UNE MIDINALE À VOIR...
ET À LIRE...
Sur la tribune des personnels de justice
« La tribune a été signée par 7500 magistrats c’est-à-dire près des 3/4 du corps des magistrats qui n’ont pas l’habitude ni de signer, ni de faire des tribunes ni de participer à des manifestations. Ça montre quand même le ras-le-bol général. »
« Le Garde des Sceaux nous explique que c’est parce qu’on serait dans un contexte pré-électoral que cette mobilisation interviendrait. Qu’on ferait de la politique. Sauf que cette argumentation fait fi de la réalité. »
« La magistrature est extrêmement réservée. Elle s’exprime très peu. »
« S’il n’y avait pas une réalité, il n’y aurait pas cette mobilisation. Le contexte politique n’a donc rien à voir. »
« On a une jeune collègue de 29 ans qui s’est suicidée alors qu’elle arrivait en juridiction (…). Quand on débute, c’est comme les professeurs à l’Education nationale : on donne les postes les plus durs aux gens qui débutent. »

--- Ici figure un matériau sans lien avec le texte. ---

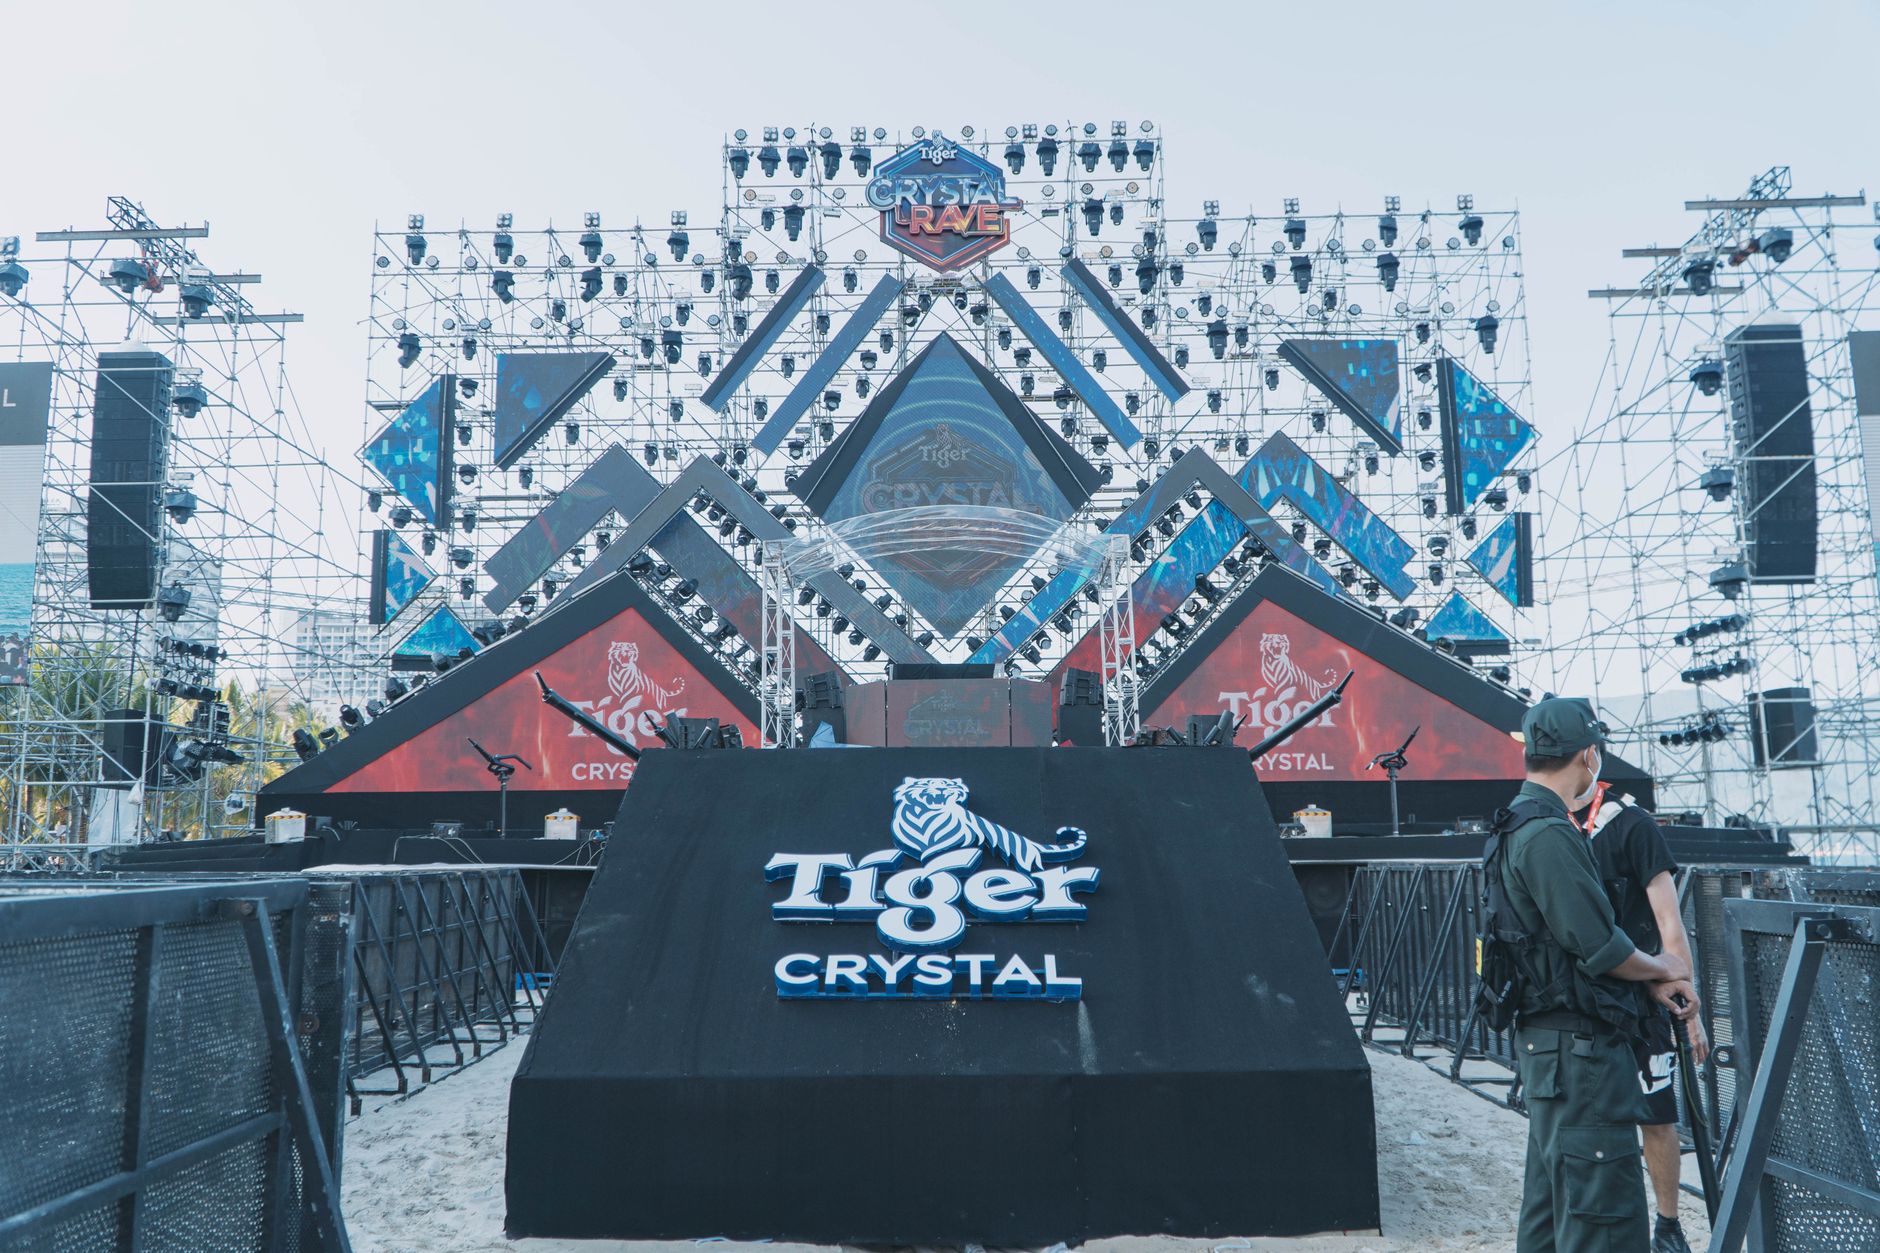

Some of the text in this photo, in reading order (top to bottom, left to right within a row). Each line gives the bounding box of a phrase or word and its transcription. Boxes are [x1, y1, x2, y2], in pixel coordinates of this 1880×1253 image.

« Nous ne sommes donc pas dans un contexte pré-électoral mais un contexte d’épouvantable ras-le-bol. »
Sur la réalité de la justice
« On ne parle que des problèmes des moyens et c’est déjà bien. »
« Un juge des enfants à Marseille suit par exemple 500 dossiers d’assistance éducative en même temps plus 150 mineurs délinquants. On parle là de 500 enfants en danger. On n’a pas besoin d’avoir fait des études de droit pour comprendre que ça n’est pas possible. Les magistrats sont dans l’angoisse permanente de ne pas pouvoir suivre tous ces dossiers en même temps. Il faut savoir que quand un enfant est signalé au juge des enfants, c’est que déjà, ça va très très mal. »

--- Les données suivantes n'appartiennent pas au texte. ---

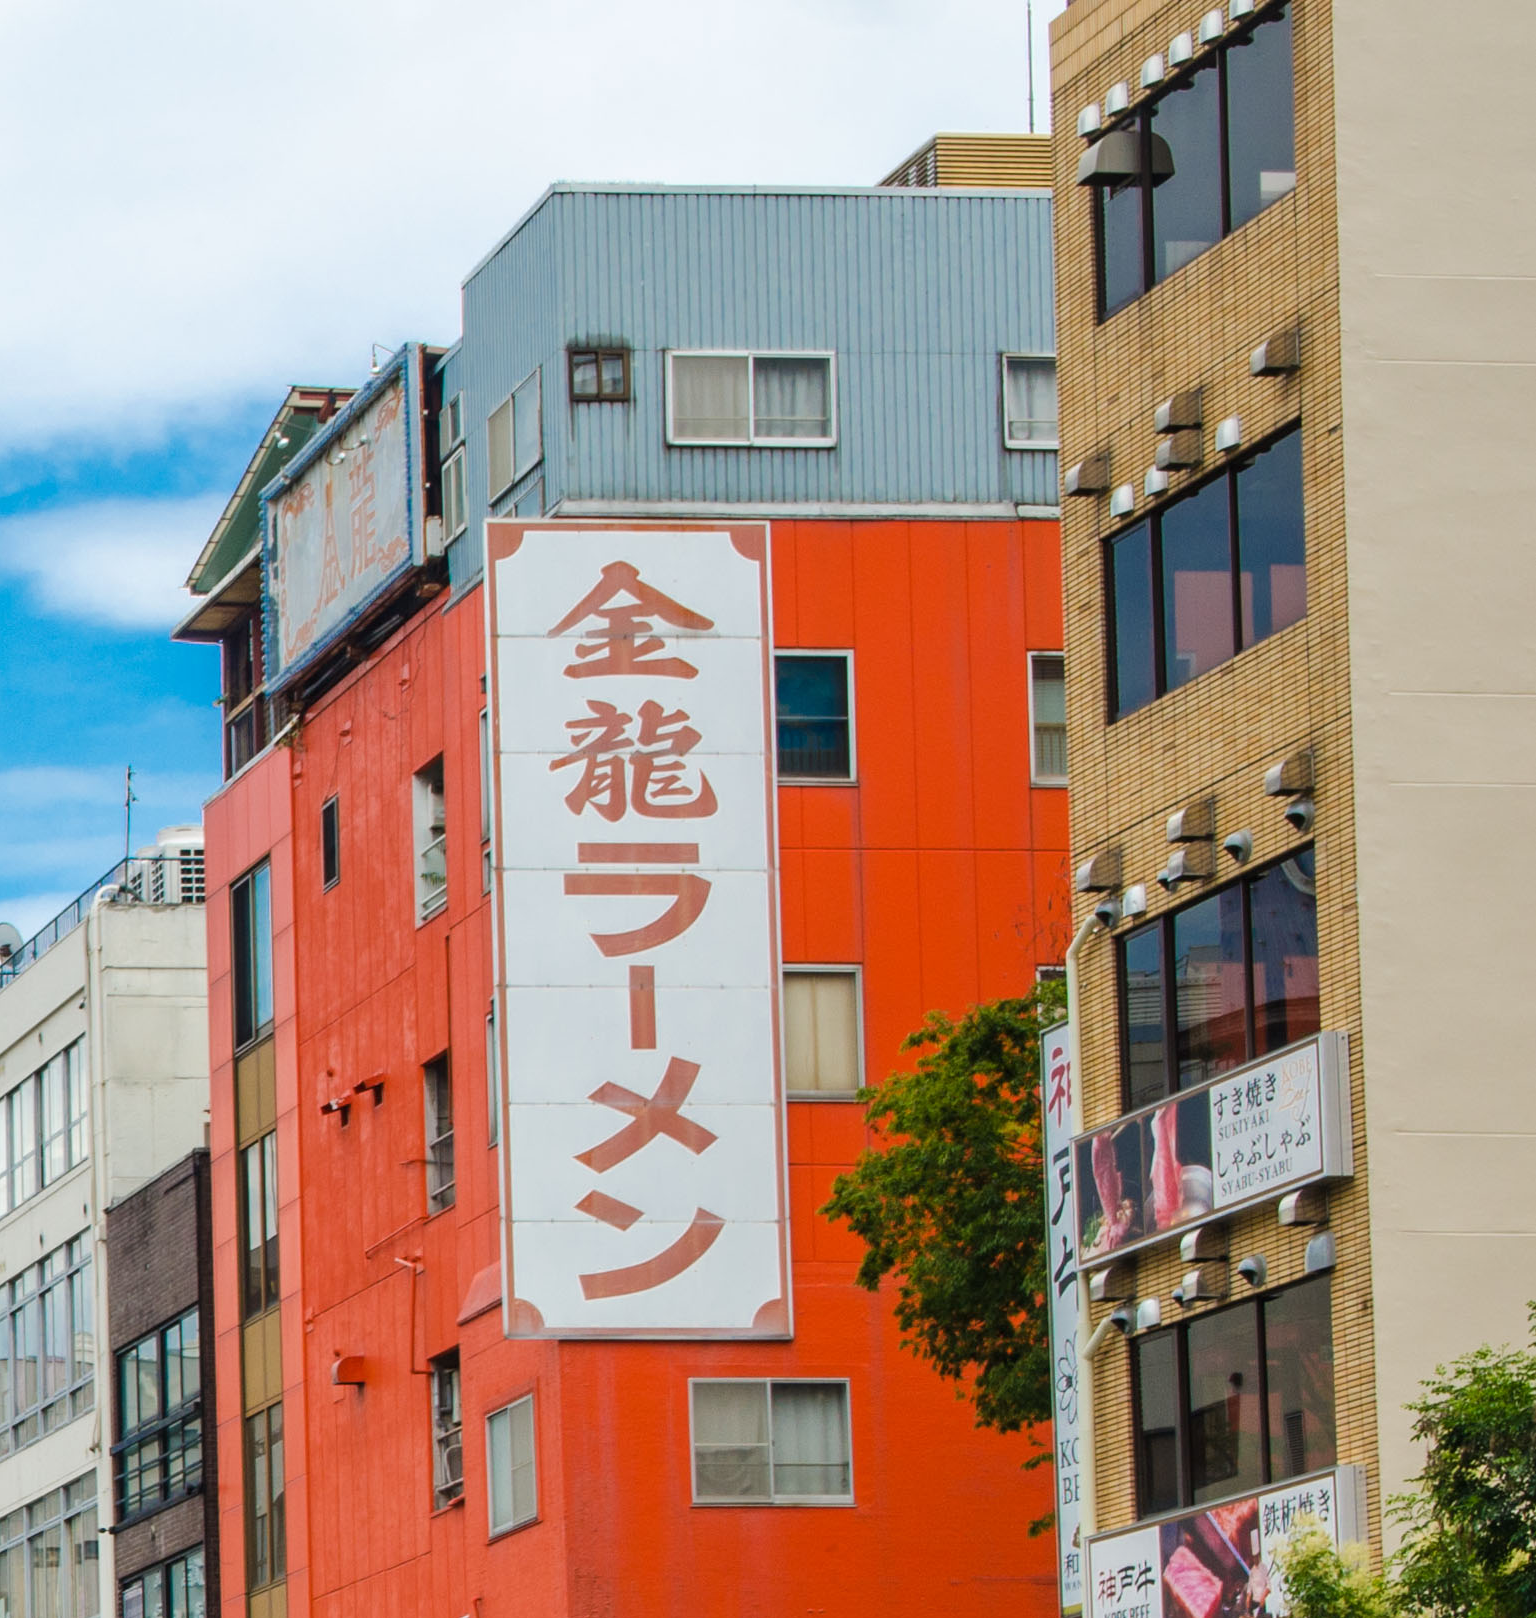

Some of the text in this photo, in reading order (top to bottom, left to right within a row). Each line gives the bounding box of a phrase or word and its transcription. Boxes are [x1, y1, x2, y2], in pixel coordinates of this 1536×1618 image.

[546, 560, 727, 1301] 金龍ラーメン
[1213, 1073, 1276, 1124] すき焼き
[1217, 1114, 1311, 1178] しゃぶしゃぶ
[1218, 1109, 1270, 1142] SUKIYAKI
[1221, 1157, 1294, 1198] SYABU-SYABU
[1098, 1560, 1155, 1608] 神戸牛
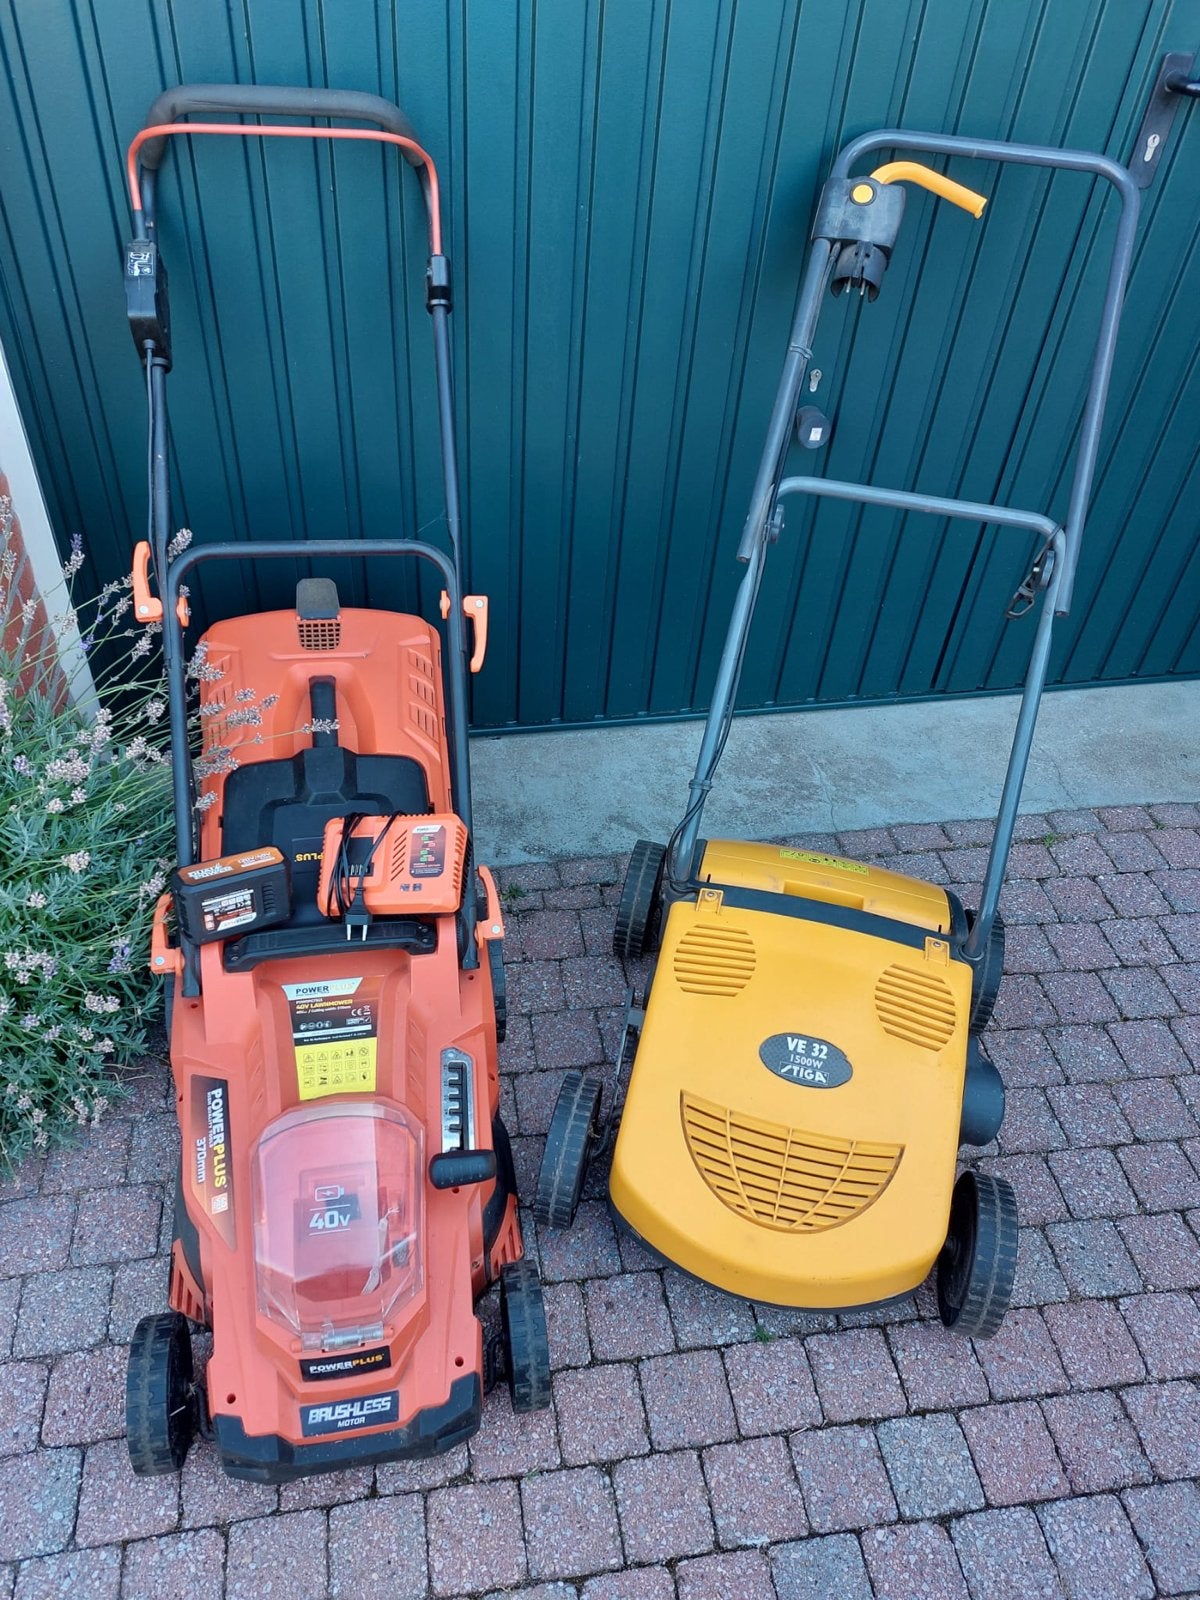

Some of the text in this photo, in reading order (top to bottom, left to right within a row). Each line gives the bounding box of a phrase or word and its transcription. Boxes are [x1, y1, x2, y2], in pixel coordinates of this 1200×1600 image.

Sur la privatisation de la justice
« Derrière le problème de moyens, il y a le problème de la qualité de la justice, du service public et d’une vision de la justice qui est en train, depuis quinze ans, de s’approcher d’une vision de la justice à l’américaine. »
« Beaucoup de personnes sont encouragées, voire obligées, de voir des médiateurs, des conciliateurs, avant d’avoir accès au juge. »

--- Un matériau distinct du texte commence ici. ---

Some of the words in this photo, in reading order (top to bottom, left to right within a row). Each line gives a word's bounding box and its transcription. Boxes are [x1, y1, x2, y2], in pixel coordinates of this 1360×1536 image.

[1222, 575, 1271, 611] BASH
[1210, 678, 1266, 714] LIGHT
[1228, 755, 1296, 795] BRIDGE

« Ça fait quinze ans qu’on est en train de supprimer le juge comme mode de règlement des conflits. »
« On se dirige de plus en plus vers une justice négociée sans vrai juge, notamment pour les petits contentieux et au pénal. »
« On voit dans les Etats généraux de la justice, que les questions qui sont posées, sont des questions totalement orientées. Du style : pensez-vous que pour les petits litiges, la conciliation peut être suffisante ? »
« On s’oriente vers une justice qui échappe à un accès démocratique. »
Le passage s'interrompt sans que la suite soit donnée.